The DRASTIC-LU/LC map was categorized into low, moderate and high-vulnerability zones with the respective areas of 29.2 km2, 120.4 km2 and 124.4 km2. The central part of the study area falls into the high-vulnerability zone, being contributed to, mainly by the aquifer media (sandy and alluvium), the relatively shallow water table depth (<10 m), gently slope (<12%) and settlement land use pattern (dense habitation). The southern part of the study area falls into the moderate-vulnerability zone, despite having a relatively high net recharge and high vadose zone impact.
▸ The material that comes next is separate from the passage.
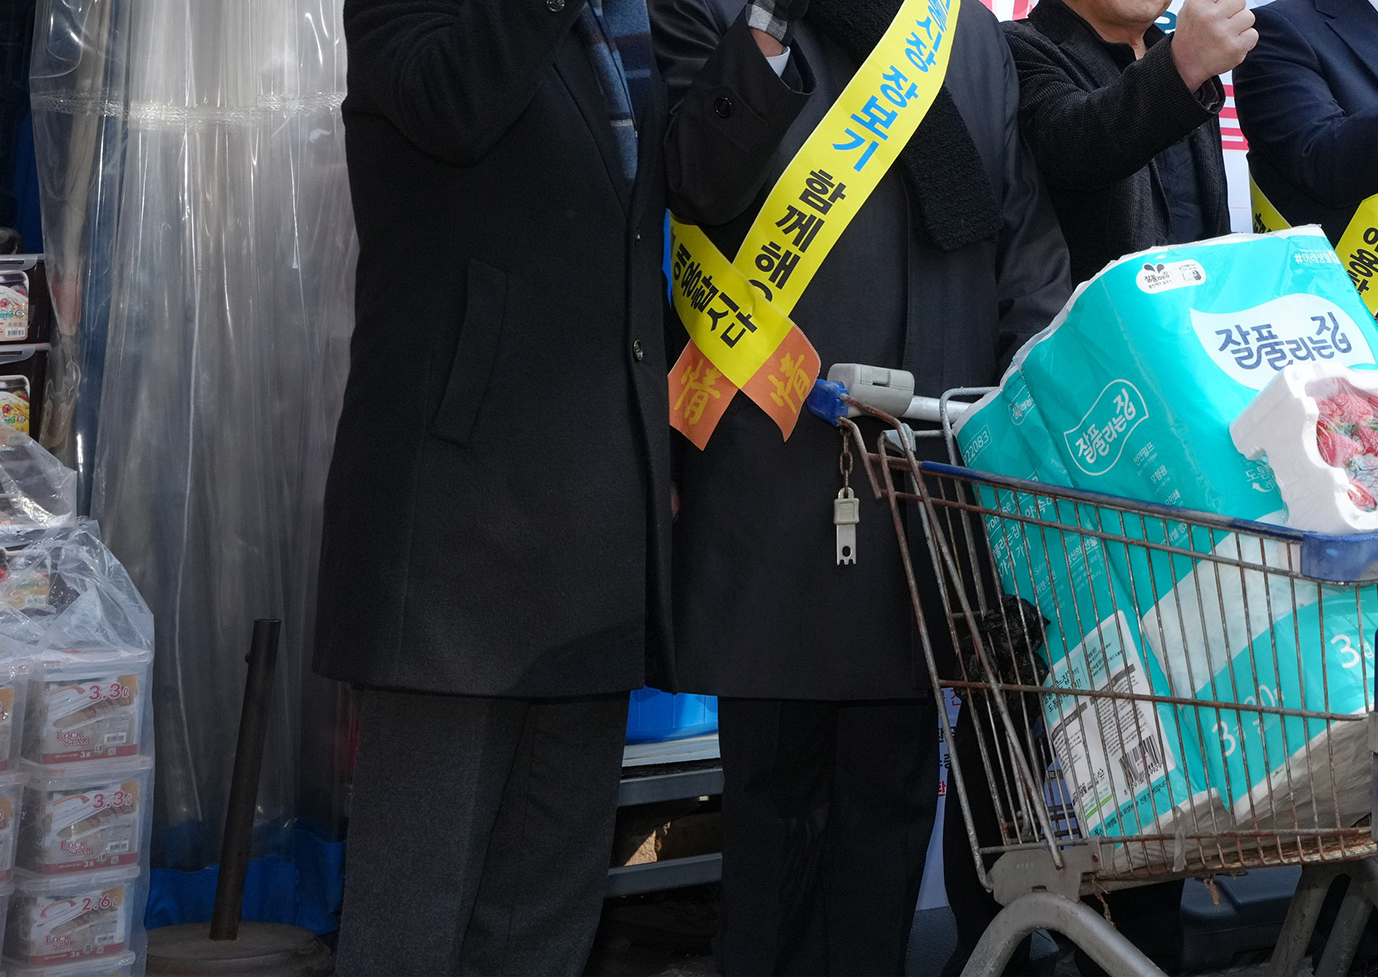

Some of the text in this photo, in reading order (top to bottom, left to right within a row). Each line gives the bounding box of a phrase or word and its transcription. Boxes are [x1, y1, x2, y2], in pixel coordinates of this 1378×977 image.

This is because the area is found on a high elevation (slope > 18%) where there is less habitation and limited anthropogenic activities. The northern part of the study area is found in the low- to moderate-vulnerability zones due to high water table depth, low recharge, low vadose zone impact, clay soil type and relative low hydraulic conductivity as well as a large part of the area being bare land. The groundwater vulnerability to nitrate contamination is arguably associated with geochemical redox condition of the groundwater and depth of the aquifer [33]. Accordingly, in a high-vulnerability groundwater zone, the aquifer is relatively shallow and there is a possibility of a high concentration of nitrate (NO3) and oxygen gas (O2). In a moderate-vulnerability zone, the aquifer depth is moderate and the presence of oxidizing agents such as manganese (Mn2+), Iron (Fe3+) and sulphate (SO42−) is common, while in the low-vulnerability groundwater zone, the aquifer depth is deep and the presence of the reducing agents such as hydrogen sulfide (H2S), iron (Fe2+) and methane (CH4) gas is common.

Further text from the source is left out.